▶ _Required work_
Your answer should be the full set of entries, given again without alteration.

[Stored data entries]
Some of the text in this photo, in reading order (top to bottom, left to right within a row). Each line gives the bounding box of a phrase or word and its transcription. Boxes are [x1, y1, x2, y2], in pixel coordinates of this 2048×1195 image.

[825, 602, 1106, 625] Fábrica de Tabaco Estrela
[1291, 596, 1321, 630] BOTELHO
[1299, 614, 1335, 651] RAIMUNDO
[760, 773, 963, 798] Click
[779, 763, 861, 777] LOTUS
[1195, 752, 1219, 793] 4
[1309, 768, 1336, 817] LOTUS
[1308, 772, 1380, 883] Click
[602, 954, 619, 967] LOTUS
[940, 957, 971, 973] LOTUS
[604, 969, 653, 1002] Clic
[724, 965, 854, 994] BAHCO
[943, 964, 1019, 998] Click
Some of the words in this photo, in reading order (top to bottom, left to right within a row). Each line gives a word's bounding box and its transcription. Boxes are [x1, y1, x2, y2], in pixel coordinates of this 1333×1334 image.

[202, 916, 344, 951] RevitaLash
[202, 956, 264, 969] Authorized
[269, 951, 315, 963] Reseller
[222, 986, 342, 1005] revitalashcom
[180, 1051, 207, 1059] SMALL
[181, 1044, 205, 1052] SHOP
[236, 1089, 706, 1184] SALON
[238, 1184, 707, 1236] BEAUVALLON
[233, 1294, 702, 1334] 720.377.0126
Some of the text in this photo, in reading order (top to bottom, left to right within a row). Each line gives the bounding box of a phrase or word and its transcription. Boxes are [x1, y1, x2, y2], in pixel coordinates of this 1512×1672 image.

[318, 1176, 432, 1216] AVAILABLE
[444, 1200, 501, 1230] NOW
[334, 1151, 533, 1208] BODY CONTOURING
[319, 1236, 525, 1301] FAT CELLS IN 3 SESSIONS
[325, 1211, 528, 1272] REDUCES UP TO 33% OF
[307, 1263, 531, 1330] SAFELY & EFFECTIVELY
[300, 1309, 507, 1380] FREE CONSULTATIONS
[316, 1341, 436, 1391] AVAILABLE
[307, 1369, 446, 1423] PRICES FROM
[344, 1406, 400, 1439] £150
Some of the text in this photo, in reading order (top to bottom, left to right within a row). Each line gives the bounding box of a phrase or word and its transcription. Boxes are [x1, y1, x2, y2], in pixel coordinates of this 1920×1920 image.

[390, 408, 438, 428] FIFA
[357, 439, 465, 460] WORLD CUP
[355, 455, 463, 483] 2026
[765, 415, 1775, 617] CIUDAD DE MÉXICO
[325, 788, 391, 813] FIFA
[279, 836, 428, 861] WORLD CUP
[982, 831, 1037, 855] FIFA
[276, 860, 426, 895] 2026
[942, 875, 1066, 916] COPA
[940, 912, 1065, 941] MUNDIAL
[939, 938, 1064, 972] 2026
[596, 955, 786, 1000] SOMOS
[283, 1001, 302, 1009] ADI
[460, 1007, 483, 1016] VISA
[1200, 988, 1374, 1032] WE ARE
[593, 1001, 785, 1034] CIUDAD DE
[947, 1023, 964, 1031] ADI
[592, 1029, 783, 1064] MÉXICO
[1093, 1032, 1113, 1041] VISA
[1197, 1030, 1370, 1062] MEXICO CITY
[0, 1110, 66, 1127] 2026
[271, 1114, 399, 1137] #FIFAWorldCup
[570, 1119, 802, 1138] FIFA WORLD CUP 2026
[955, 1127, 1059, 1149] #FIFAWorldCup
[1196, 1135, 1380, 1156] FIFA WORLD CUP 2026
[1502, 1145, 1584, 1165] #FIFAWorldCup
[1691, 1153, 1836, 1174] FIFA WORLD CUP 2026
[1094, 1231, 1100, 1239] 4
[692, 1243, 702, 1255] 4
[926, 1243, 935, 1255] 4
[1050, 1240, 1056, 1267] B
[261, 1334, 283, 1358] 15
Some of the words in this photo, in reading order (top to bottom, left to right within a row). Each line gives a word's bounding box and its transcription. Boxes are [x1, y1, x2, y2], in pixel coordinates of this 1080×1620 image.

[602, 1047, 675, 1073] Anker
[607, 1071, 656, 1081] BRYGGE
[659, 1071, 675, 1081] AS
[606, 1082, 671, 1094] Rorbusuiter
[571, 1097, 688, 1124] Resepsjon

▶ _Result_
Some of the text in this photo, in reading order (top to bottom, left to right within a row). Each line gives the bounding box of a phrase or word and its transcription. Boxes are [x1, y1, x2, y2], in pixel coordinates of this 2048×1195 image.

[825, 602, 1106, 625] Fábrica de Tabaco Estrela
[1291, 596, 1321, 630] BOTELHO
[1299, 614, 1335, 651] RAIMUNDO
[760, 773, 963, 798] Click
[779, 763, 861, 777] LOTUS
[1195, 752, 1219, 793] 4
[1309, 768, 1336, 817] LOTUS
[1308, 772, 1380, 883] Click
[602, 954, 619, 967] LOTUS
[940, 957, 971, 973] LOTUS
[604, 969, 653, 1002] Clic
[724, 965, 854, 994] BAHCO
[943, 964, 1019, 998] Click
Some of the words in this photo, in reading order (top to bottom, left to right within a row). Each line gives a word's bounding box and its transcription. Boxes are [x1, y1, x2, y2], in pixel coordinates of this 1333×1334 image.

[202, 916, 344, 951] RevitaLash
[202, 956, 264, 969] Authorized
[269, 951, 315, 963] Reseller
[222, 986, 342, 1005] revitalashcom
[180, 1051, 207, 1059] SMALL
[181, 1044, 205, 1052] SHOP
[236, 1089, 706, 1184] SALON
[238, 1184, 707, 1236] BEAUVALLON
[233, 1294, 702, 1334] 720.377.0126
Some of the text in this photo, in reading order (top to bottom, left to right within a row). Each line gives the bounding box of a phrase or word and its transcription. Boxes are [x1, y1, x2, y2], in pixel coordinates of this 1512×1672 image.

[318, 1176, 432, 1216] AVAILABLE
[444, 1200, 501, 1230] NOW
[334, 1151, 533, 1208] BODY CONTOURING
[319, 1236, 525, 1301] FAT CELLS IN 3 SESSIONS
[325, 1211, 528, 1272] REDUCES UP TO 33% OF
[307, 1263, 531, 1330] SAFELY & EFFECTIVELY
[300, 1309, 507, 1380] FREE CONSULTATIONS
[316, 1341, 436, 1391] AVAILABLE
[307, 1369, 446, 1423] PRICES FROM
[344, 1406, 400, 1439] £150
Some of the text in this photo, in reading order (top to bottom, left to right within a row). Each line gives the bounding box of a phrase or word and its transcription. Boxes are [x1, y1, x2, y2], in pixel coordinates of this 1920×1920 image.

[390, 408, 438, 428] FIFA
[357, 439, 465, 460] WORLD CUP
[355, 455, 463, 483] 2026
[765, 415, 1775, 617] CIUDAD DE MÉXICO
[325, 788, 391, 813] FIFA
[279, 836, 428, 861] WORLD CUP
[982, 831, 1037, 855] FIFA
[276, 860, 426, 895] 2026
[942, 875, 1066, 916] COPA
[940, 912, 1065, 941] MUNDIAL
[939, 938, 1064, 972] 2026
[596, 955, 786, 1000] SOMOS
[283, 1001, 302, 1009] ADI
[460, 1007, 483, 1016] VISA
[1200, 988, 1374, 1032] WE ARE
[593, 1001, 785, 1034] CIUDAD DE
[947, 1023, 964, 1031] ADI
[592, 1029, 783, 1064] MÉXICO
[1093, 1032, 1113, 1041] VISA
[1197, 1030, 1370, 1062] MEXICO CITY
[0, 1110, 66, 1127] 2026
[271, 1114, 399, 1137] #FIFAWorldCup
[570, 1119, 802, 1138] FIFA WORLD CUP 2026
[955, 1127, 1059, 1149] #FIFAWorldCup
[1196, 1135, 1380, 1156] FIFA WORLD CUP 2026
[1502, 1145, 1584, 1165] #FIFAWorldCup
[1691, 1153, 1836, 1174] FIFA WORLD CUP 2026
[1094, 1231, 1100, 1239] 4
[692, 1243, 702, 1255] 4
[926, 1243, 935, 1255] 4
[1050, 1240, 1056, 1267] B
[261, 1334, 283, 1358] 15
Some of the words in this photo, in reading order (top to bottom, left to right within a row). Each line gives a word's bounding box and its transcription. Boxes are [x1, y1, x2, y2], in pixel coordinates of this 1080×1620 image.

[602, 1047, 675, 1073] Anker
[607, 1071, 656, 1081] BRYGGE
[659, 1071, 675, 1081] AS
[606, 1082, 671, 1094] Rorbusuiter
[571, 1097, 688, 1124] Resepsjon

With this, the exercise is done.